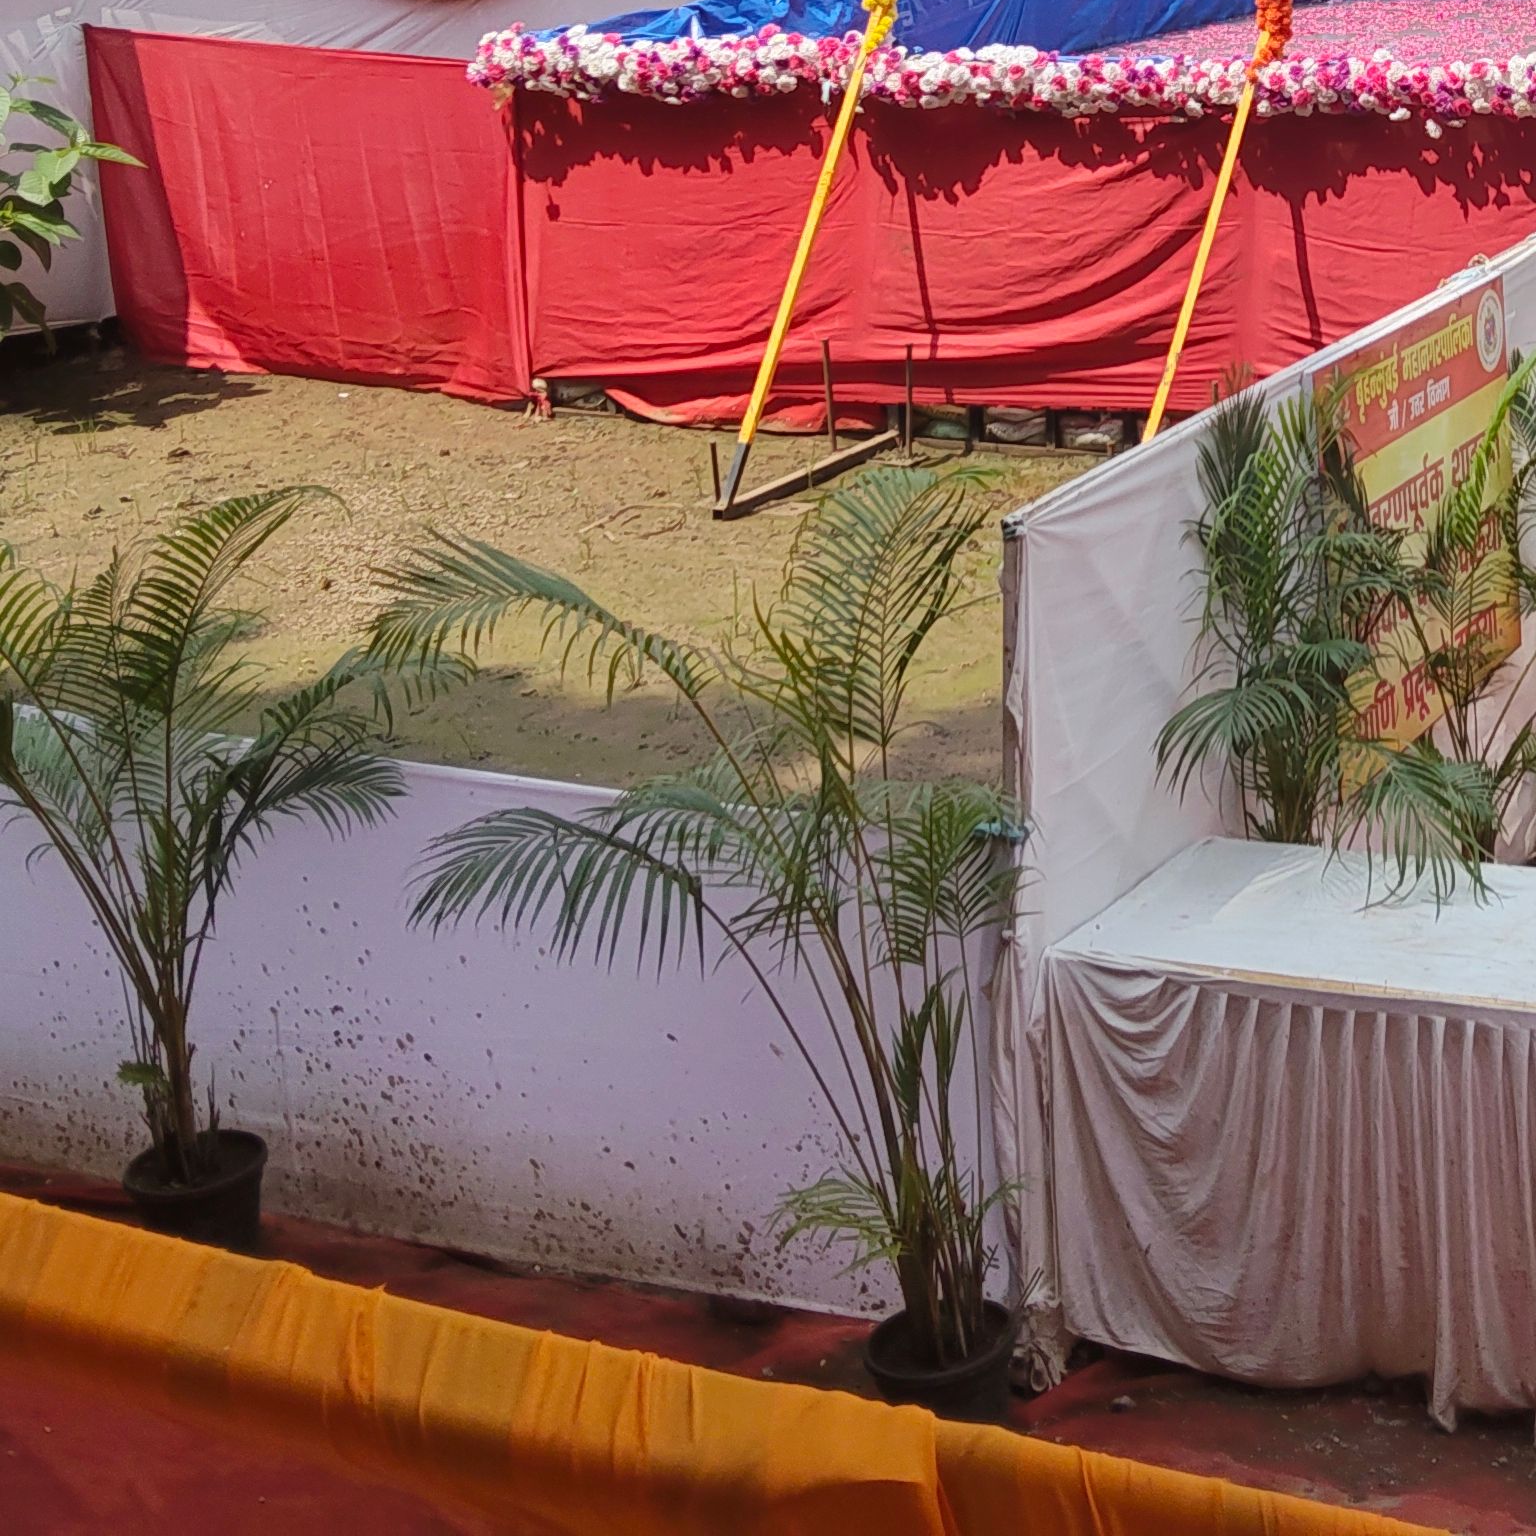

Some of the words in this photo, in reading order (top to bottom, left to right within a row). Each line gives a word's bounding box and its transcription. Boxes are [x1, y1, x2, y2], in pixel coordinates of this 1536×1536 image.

[1400, 313, 1474, 382] महानगरपालिका
[1388, 402, 1399, 431] जी
[1426, 376, 1450, 408] विभाग
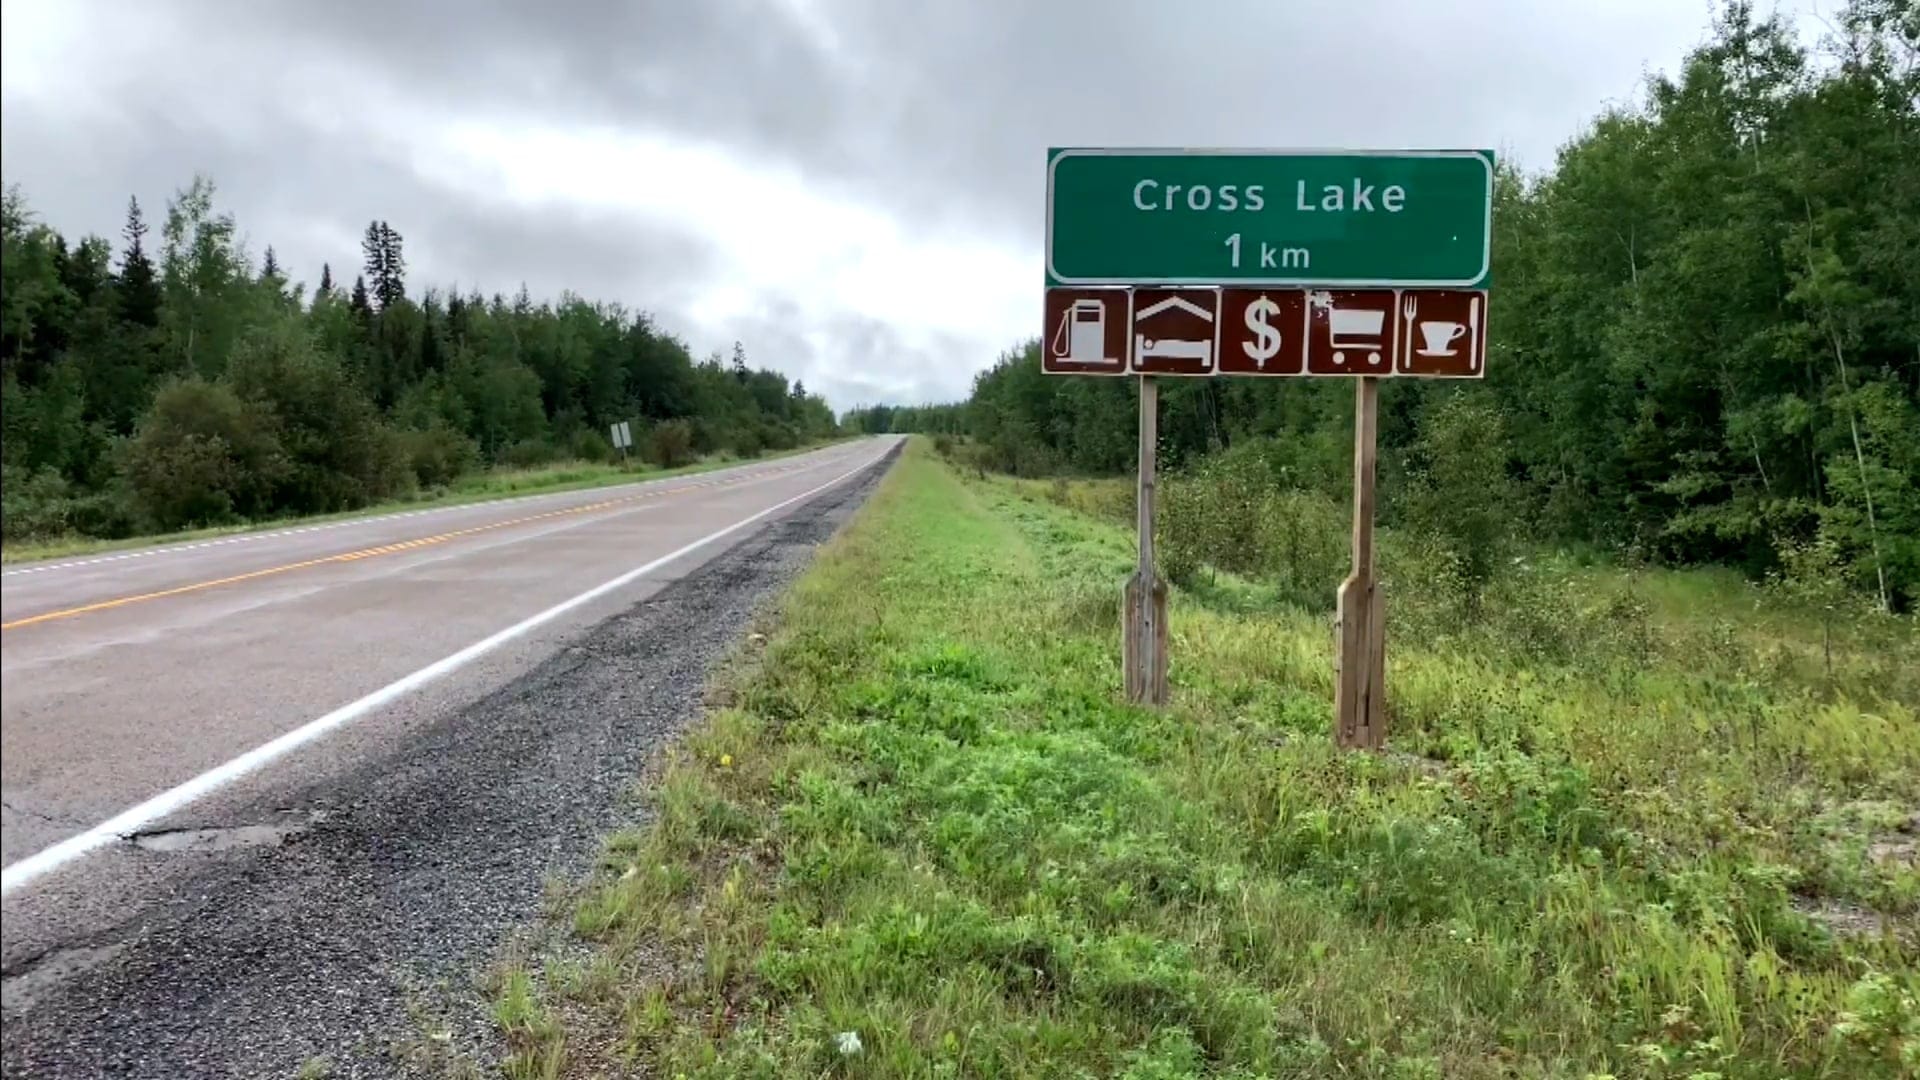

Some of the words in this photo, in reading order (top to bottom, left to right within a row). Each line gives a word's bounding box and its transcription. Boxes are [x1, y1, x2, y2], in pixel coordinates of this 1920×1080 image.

[1133, 179, 1265, 211] Cross
[1297, 178, 1405, 212] Lake
[1225, 233, 1241, 267] 1
[1261, 242, 1310, 268] km
========================================================================
* **ABOUT THIS EXERCISE**
Could you output every record above exactly as it appears, without the pictures?

* **RESULT**
Some of the words in this photo, in reading order (top to bottom, left to right within a row). Each line gives a word's bounding box and its transcription. Boxes are [x1, y1, x2, y2], in pixel coordinates of this 1536×1536 image.

[1400, 313, 1474, 382] महानगरपालिका
[1388, 402, 1399, 431] जी
[1426, 376, 1450, 408] विभाग

Some of the words in this photo, in reading order (top to bottom, left to right within a row). Each line gives a word's bounding box and its transcription. Boxes are [x1, y1, x2, y2], in pixel coordinates of this 1920×1080 image.

[1133, 179, 1265, 211] Cross
[1297, 178, 1405, 212] Lake
[1225, 233, 1241, 267] 1
[1261, 242, 1310, 268] km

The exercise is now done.